[tied] Re: "Will the 'real' linguist please stand up?"

From: Piotr Gasiorowski Message: 18982
Date: 2003-02-21

--- In cybalist@yahoogroups.com, "S.Kalyanaraman <kalyan97@...>"
<kalyan97@...> wrote:


> Treating the 'non-Indo-Aryan loan' words in Prakrits as offspring
> from PIAS.

The term "offspring" had better be reserved for the domain where it
belongs (genetic relationships). Loans are by definition "foreign
bodies" in the lexicon.

> Together with Nahali, are we not dealing with an antique stratum in
> India?

But that's Miguel's point.
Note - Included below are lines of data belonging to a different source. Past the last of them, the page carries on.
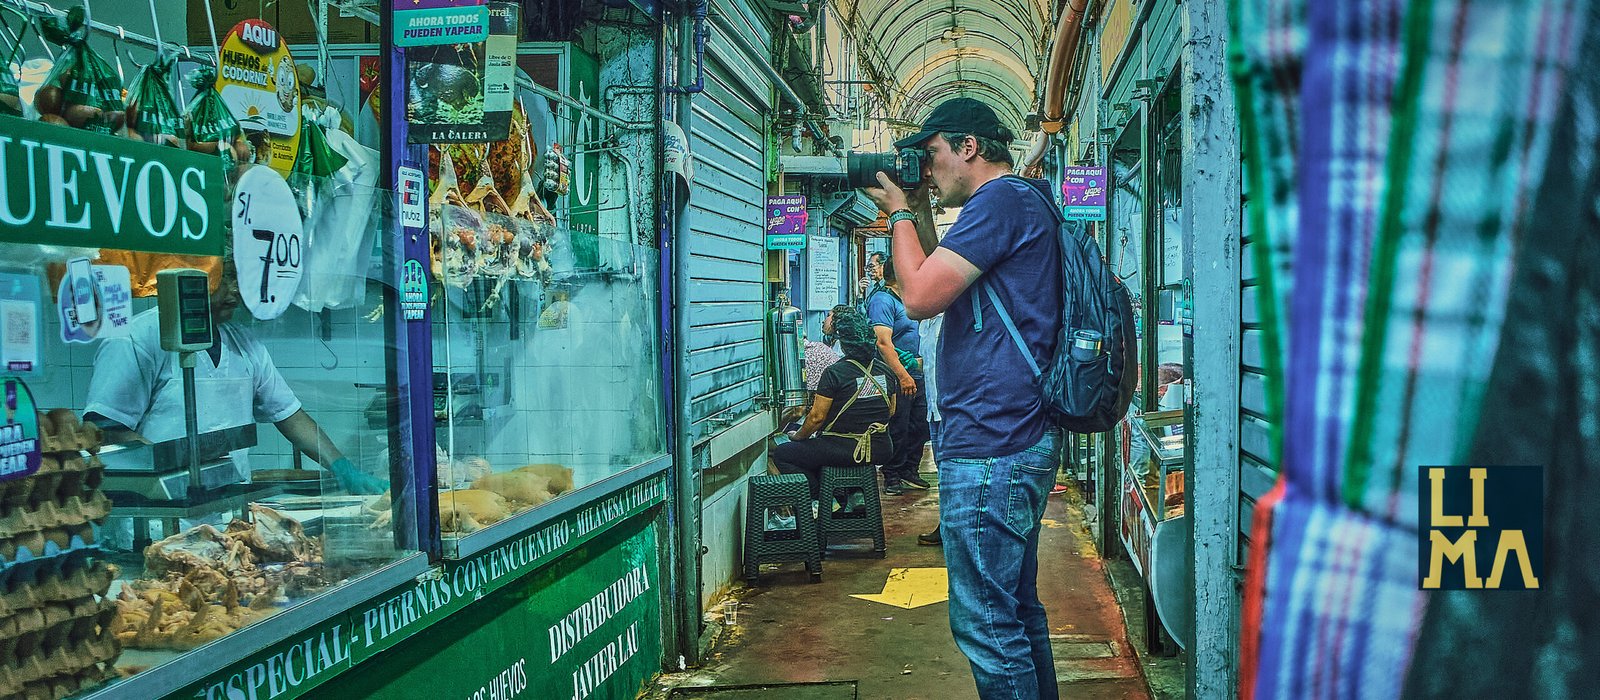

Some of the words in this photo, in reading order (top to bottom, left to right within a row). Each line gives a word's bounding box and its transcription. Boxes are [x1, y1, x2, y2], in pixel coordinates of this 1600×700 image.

[409, 17, 443, 27] AHORA
[446, 14, 479, 25] TODOS
[242, 22, 276, 48] AQUI
[404, 28, 442, 39] PUEDEN
[445, 25, 482, 36] YAPEAR
[223, 49, 260, 70] HUEVOS
[222, 64, 267, 86] CODORNIZ
[432, 132, 445, 140] LA
[448, 130, 487, 140] CALERA
[1082, 187, 1102, 202] yape
[767, 215, 786, 231] yape
[363, 573, 451, 648] PIERNAS
[453, 556, 487, 598] CON
[487, 519, 569, 580] ENCUENTRO
[576, 494, 624, 538] MILANESA
[548, 562, 650, 665] DISTRIBUIDORA
[572, 640, 617, 700] JAVIER
[617, 621, 639, 667] LAU
[489, 658, 527, 700] HUEVOS
There is ample evidence of residual non-IA
languages in the area.

> If three non-IE languages [assuming Nahali also to be one such --
> even though Piotr considers this to be an Indo-Aryan language? --,
> apart from Burushaski and Language 'x']

I've discussed that before. Nahali is an IA language with a very thick
layer of non-IA loans, many of which come from a language apparently
unrelated to anything we know. It has been partly relexified; so was
English in the Middle Ages, the difference being that in the case of
English we know the source(s) of the vast majority of mediaeval loans.

> In a contact area of IVC, across the gulf, there are some hints that
> a substrate language may explain Sumerian words: sanga 'priest';
> simug 'blacksmith' and tibira 'copper smith'; engar 'farmer',
> apin 'plow' and absin 'furrow; nangar 'carpenter', a:gab 'leather
> worker'; kish 'name of a city'.

How do you know that, given that we know next to nothing about the
Indus Valley substrates? You can't "explain" what is obscure by what
is still obscurer. In any event, the words above are not IA or IE.